Pacific Security Snapshot: 2 May 2022
Accurate as of 12pm AEST Wednesday 27th of April
Welcome to the second edition of Security Snapshots; our summary of key security issues and events shaping the Pacific – and what lies ahead. This will be a short and snappy take on security across the Pacific region so you can stay informed of what’s happening in the Blue Pacific. It highlights a range of human and hard security developments as they unfold in our increasingly contested region.
The signing of a security agreement between the Solomon Islands and China, has dominated regional headlines this fortnight, as leaders from Australia, USA and New Zealand expressed their concern over the deal’s geopolitical implications.
Although a draft agreement was leaked on social media in March, news of the official signing of the agreement emerged on Tuesday the 19th April. China’s Foreign Ministry spokesman stated that the purpose of the cooperation was to promote social stability, long-term peace and security within the Solomons. Prime Minister Manasseh Sogavare sought to reassure countries that he would not allow China to build a military base in the country. However, Opposition Leader Matthew Wale has questioned the secrecy surrounding the deal, as it is unlikely that final text of the agreement will be released.
The deal was signed before America’s most senior Indo-Pacific diplomat Kurt Campbell visited Honiara. Campbell in a meeting with Prime Minister Sogavare, reiterated American concerns about a Chinese military presence in the Solomon Islands, saying the USA would ‘respond accordingly’ to any such base being established. Campbell also visited Fiji and PNG on his trip. Australia has gone further with its rhetoric, with Prime Minister Scott Morrison and Foreign Minister Marise Payne stating that a Chinese base would cross a ‘red line’.
Pacific leaders have also reacted to the agreement. Tonga’s Prime Minister Siaosi Sovaleni has said his country will closely monitor the situation in the Solomon Islands, and will raise the issue at the next Forum Leaders meeting. PNG Prime Minister James Marape highlighted similar concerns and reiterated a desire for the matter to be discussed at the next leaders meeting. FSM President David Panuelo meanwhile criticized the deal, highlighting its capacity to fragment the region.
In the French Pacific, Emmanuel Macron has won the French ballot over far-right candidate Marine Le Pen, securing a majority in all three French Overseas territories in the Pacific. Despite this, in New Caledonia, turnout was low, with just 34.79% of the population voting, in-part fuelled by an organised abstention call from pro-independence groups.

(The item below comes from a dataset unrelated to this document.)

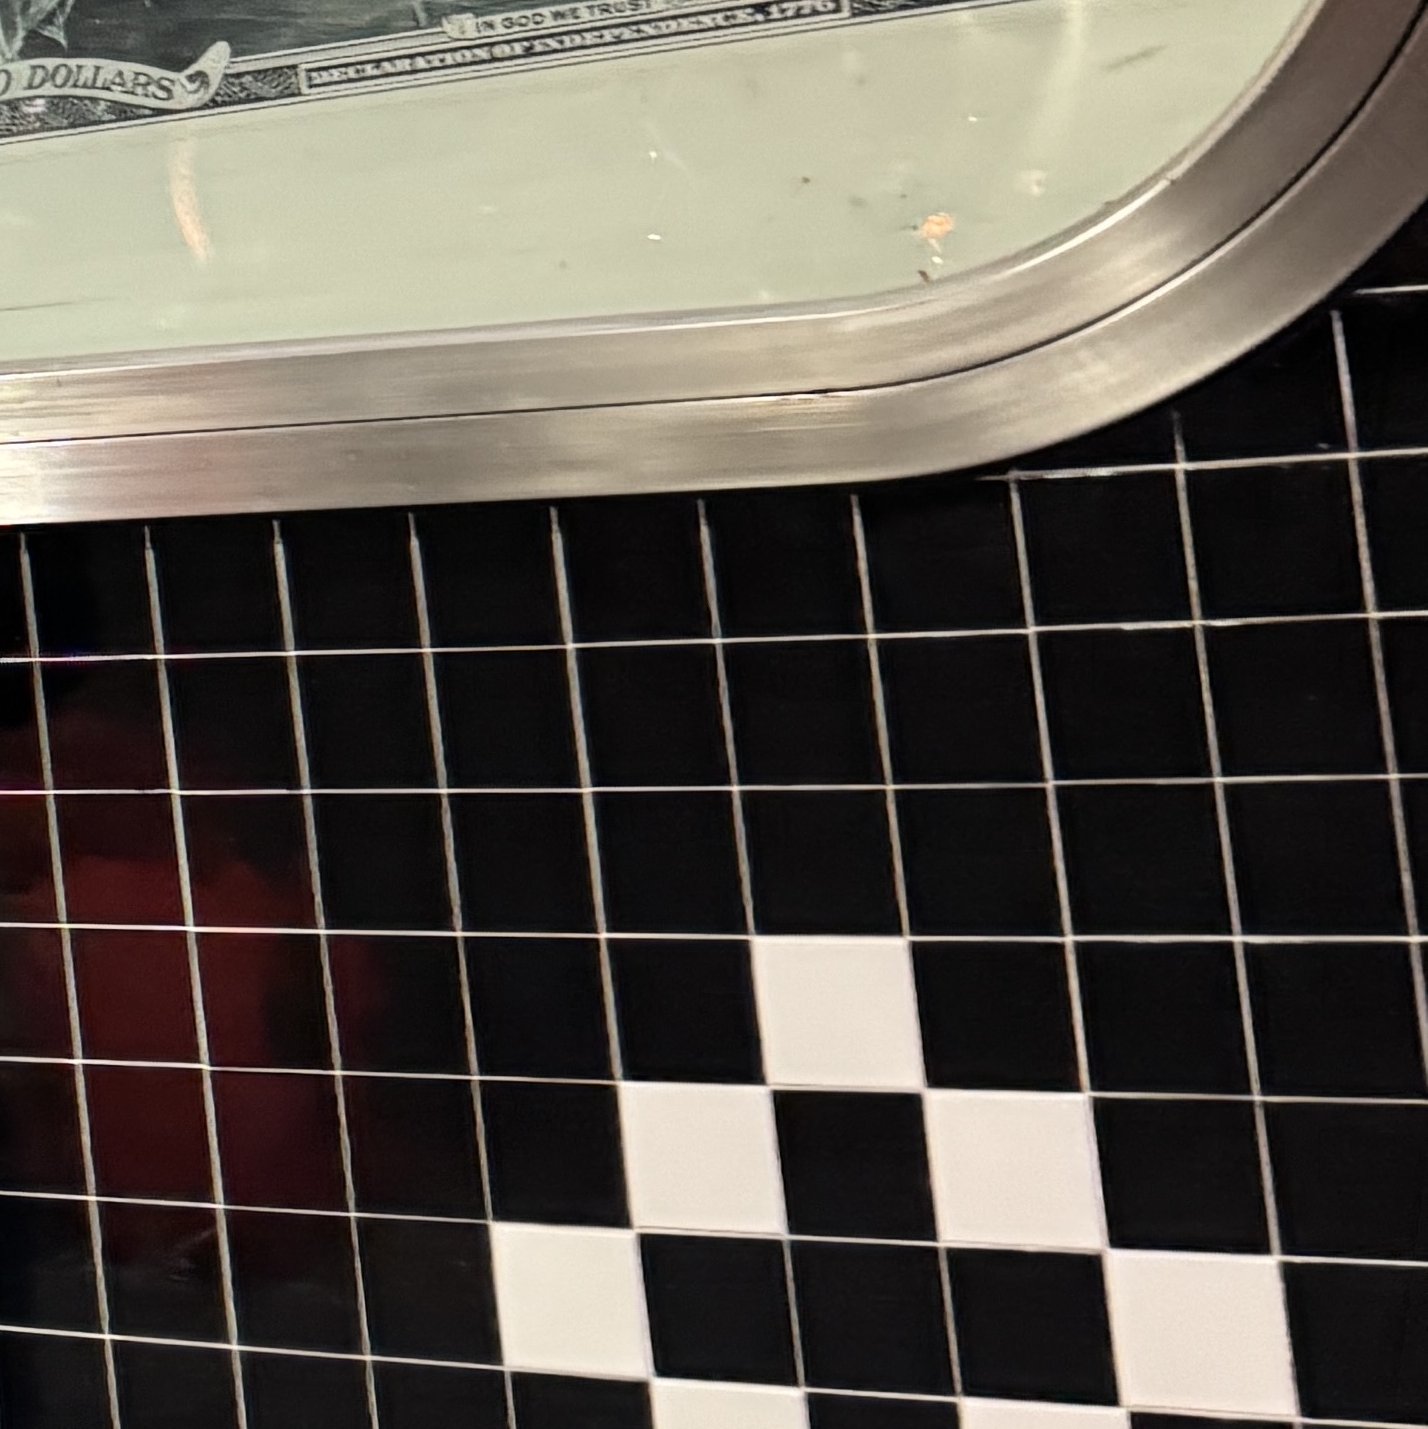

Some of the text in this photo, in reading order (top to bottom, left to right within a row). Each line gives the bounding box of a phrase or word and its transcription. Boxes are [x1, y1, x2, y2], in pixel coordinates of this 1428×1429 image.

[501, 11, 547, 29] GOD
[549, 6, 582, 23] WE
[24, 61, 179, 103] DOLLARS

Fiji’s High Court recently ordered the $700 million Russian superyacht Amadea, to stay at port in the country. The yacht is alleged to be owned by Russian oligarch and close friend of Vladmir Putin, Suleiman Kerimov, who is currently being sanctioned by the United States. In a federal hearing, the USA requested that the matter be dealt with in chambers. A judgment is expected early next month. Fiji has also announced in partnership with Australia, the construction of a new naval base in Lami, Fiji. The base will be named after current Fijian Prime Minister, Frank Bainimarama.
In Port Moresby, leaders from PNG and Bougainville signed the Era Kone Covenant. The Covenant details how the national parliament will ratify Bougainville’s independence referendum results and sets out a timeline for the process, giving 2027 as the deadline for results to be nationally verified. In other PNG news, the Australian branch of UBS could be banned from the country for 10 years, following its involvement in brokering a 1.2 billion dollar loan that resulted in a $US432 million dollar loss to the government.
Tuvalu has rescinded its support of deep sea mining in its waters. Although initially sponsoring mining firm Circular Metals Tuvalu to apply for an exploration permit, the Government has reversed its stance on the matter. Foreign Minister Simon Kofe, cited a need for his country to set high standards on environmental issues and deter others from committing environmental damage.
In the North Pacific, Palau hosted the Our Ocean Conference from the 13th – 14th April; the first time that the event was held in the Pacific. 410 commitments were made by various organisations to the value of 16.35 billion USD. The implications of the conflict in Ukraine have continued to reverberate in the North, as fuel prices skyrocket. In the Marshall Islands, the cost of fuel has hit US$7 a gallon in the capital Majuro and has increased to $10 on outer islands.
FSM submitted its proposed compact association package to Washington for approval, seeking increased funding, environmental assistance and infrastructure benefits. Both parties have expressed their willingness to come to an agreement, and continue their ‘enduring partnership’.
Finally, construction has started in Kiribati on a USD$63.87 million water project, which in five years, is expected to provide clean water to over 60,000 people in South Tarawa.